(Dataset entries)
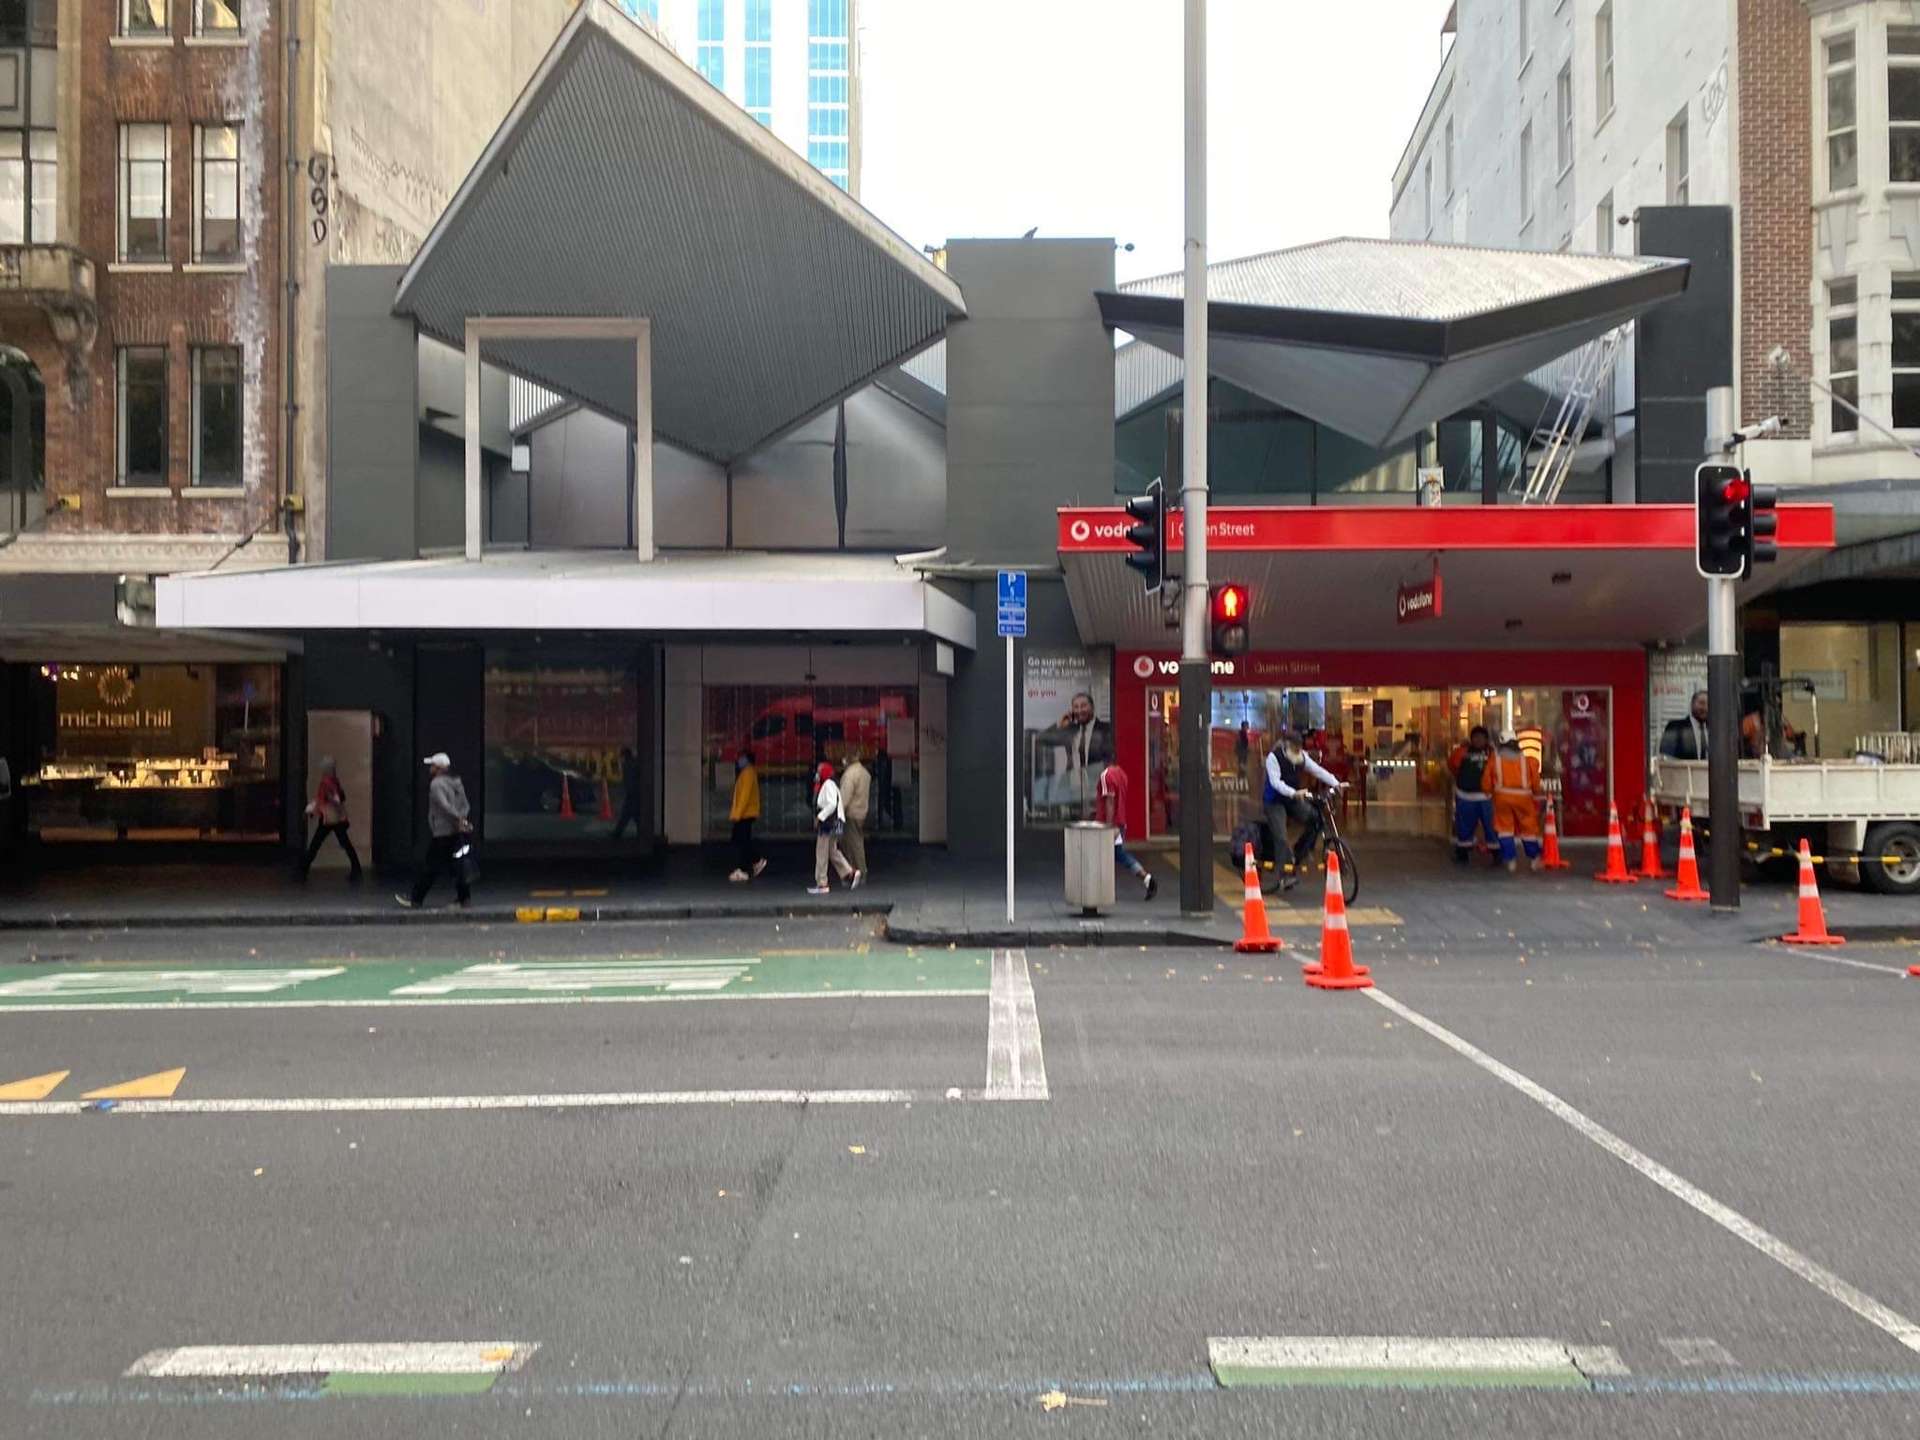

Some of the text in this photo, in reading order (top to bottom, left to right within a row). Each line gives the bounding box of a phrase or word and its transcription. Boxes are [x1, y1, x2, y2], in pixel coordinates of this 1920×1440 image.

[1219, 522, 1255, 537] Street
[1027, 656, 1040, 666] Go
[1256, 663, 1289, 674] Queen
[1290, 663, 1321, 673] Street
[60, 708, 172, 727] michael hill

- [TASK TO CARRY OUT] What is needed is an exact copy of every record above, minus the images.

- [EXERCISE RESULT]
Some of the text in this photo, in reading order (top to bottom, left to right within a row). Each line gives the bounding box of a phrase or word and its transcription. Boxes are [x1, y1, x2, y2], in pixel coordinates of this 1920×1440 image.

[1219, 522, 1255, 537] Street
[1027, 656, 1040, 666] Go
[1256, 663, 1289, 674] Queen
[1290, 663, 1321, 673] Street
[60, 708, 172, 727] michael hill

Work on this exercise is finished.